The temple is located in Kunnandarkoil, a rockyhill in Pudukottai district in southern Tamil Nadu. The cave houses three life size sculptures of various forms of Shiva. The main shrine faces East and the sanctum houses the image of Lingam, an iconic representation of Shiva. Shiva is worshipped as Parvathagiriswarar. The walls of the sanctum are plain, unlike later Chola temples that have niches to house different images. The sanctum is approached through an Arthamandapa, a hall supported by pillars. The sanctum is guarded by Dvarapalas on either sides. The inscriptions are made on the base of the Dvarapalas. There are two portrait images, one of which is identified as the Mutharaiyar chief who built the temple and other being his assistant.

==Significance==
The temple in rock-cut architecture is an early example of Cholan Art, continuing the tradition of the Pallavas.
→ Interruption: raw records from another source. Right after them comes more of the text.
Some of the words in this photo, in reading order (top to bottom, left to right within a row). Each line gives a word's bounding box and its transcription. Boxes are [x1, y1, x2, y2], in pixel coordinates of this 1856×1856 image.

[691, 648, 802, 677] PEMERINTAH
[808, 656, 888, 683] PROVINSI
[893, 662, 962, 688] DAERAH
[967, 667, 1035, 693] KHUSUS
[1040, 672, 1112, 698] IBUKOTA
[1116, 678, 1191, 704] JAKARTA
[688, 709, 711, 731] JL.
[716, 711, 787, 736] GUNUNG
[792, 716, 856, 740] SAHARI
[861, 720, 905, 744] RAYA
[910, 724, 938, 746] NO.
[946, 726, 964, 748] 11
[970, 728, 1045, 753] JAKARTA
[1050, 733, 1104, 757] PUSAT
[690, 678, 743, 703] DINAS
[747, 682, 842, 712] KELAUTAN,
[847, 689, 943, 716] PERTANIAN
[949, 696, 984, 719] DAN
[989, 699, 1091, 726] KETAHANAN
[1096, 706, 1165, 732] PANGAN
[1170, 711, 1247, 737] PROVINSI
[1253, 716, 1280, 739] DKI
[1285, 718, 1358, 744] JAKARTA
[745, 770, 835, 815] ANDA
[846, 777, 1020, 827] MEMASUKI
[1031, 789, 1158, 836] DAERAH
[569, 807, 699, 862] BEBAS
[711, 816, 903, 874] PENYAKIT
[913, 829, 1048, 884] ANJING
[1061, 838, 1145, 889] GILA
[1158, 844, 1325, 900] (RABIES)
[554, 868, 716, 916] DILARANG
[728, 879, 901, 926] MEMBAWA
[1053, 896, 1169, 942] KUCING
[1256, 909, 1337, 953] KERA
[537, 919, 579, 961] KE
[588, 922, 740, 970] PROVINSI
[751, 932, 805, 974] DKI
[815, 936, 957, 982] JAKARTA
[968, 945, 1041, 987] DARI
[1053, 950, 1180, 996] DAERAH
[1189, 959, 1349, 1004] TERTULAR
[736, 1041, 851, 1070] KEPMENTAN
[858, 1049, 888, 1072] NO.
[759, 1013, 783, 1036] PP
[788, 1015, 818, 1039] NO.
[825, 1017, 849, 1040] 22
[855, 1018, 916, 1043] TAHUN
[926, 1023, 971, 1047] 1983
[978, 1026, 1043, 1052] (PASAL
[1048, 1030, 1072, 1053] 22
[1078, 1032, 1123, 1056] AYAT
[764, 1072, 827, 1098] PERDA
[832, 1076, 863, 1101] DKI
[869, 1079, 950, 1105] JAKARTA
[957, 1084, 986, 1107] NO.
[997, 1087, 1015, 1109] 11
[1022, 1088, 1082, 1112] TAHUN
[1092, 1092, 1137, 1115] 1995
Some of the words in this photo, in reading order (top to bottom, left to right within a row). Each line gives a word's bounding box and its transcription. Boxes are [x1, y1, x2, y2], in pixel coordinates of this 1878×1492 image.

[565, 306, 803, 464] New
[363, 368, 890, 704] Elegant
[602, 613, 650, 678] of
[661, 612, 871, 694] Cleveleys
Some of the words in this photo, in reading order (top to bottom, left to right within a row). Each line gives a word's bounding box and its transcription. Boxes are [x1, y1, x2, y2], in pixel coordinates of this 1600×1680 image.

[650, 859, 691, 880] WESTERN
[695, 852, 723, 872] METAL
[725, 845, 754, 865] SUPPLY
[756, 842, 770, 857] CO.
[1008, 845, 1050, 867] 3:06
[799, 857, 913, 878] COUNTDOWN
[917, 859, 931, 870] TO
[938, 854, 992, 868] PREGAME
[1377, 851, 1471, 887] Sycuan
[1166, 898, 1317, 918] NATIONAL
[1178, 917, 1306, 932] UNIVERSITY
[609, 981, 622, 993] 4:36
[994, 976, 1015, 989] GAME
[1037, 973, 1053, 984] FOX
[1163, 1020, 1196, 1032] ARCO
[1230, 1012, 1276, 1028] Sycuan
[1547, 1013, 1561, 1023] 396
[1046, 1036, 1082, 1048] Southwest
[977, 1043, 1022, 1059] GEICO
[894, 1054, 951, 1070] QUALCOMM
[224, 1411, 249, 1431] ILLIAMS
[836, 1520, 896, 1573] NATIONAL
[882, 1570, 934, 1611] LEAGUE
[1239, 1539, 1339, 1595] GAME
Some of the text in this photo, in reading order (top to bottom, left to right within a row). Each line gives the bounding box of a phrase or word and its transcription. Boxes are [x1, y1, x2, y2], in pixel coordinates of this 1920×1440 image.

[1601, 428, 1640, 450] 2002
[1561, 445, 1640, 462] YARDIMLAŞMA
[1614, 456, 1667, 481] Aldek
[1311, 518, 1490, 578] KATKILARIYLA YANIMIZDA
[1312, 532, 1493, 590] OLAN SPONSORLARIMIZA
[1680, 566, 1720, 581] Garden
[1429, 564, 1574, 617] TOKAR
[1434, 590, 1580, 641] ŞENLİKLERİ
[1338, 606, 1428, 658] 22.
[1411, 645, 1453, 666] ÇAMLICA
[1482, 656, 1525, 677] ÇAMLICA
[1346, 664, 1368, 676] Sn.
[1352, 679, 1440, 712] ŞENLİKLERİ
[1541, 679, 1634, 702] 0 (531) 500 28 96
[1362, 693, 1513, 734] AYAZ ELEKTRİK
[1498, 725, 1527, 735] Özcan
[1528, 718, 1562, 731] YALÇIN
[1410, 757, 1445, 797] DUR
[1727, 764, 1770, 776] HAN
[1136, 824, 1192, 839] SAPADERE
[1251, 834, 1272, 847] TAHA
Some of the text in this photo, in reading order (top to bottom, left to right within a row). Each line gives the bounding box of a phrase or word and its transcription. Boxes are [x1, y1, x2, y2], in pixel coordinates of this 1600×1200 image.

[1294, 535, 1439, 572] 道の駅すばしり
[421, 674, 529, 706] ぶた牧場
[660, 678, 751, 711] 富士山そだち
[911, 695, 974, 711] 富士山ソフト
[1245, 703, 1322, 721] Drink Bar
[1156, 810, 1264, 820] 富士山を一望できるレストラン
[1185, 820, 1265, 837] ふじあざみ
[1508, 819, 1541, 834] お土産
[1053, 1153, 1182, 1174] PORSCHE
The individual images retrieved from the place are maintained in the Pudukottia Government Museum. The hundred pillared Nrita Mandapa has sculpted pillars, a typical of Vijayanaagar art. The bronze images in temple are earliest specimen of exquisite sculpted images in South Indian art. The Somaskanda bronze with Shiva and Parvathi, with their child Skanda is the most prominent among the bronzes in the temple.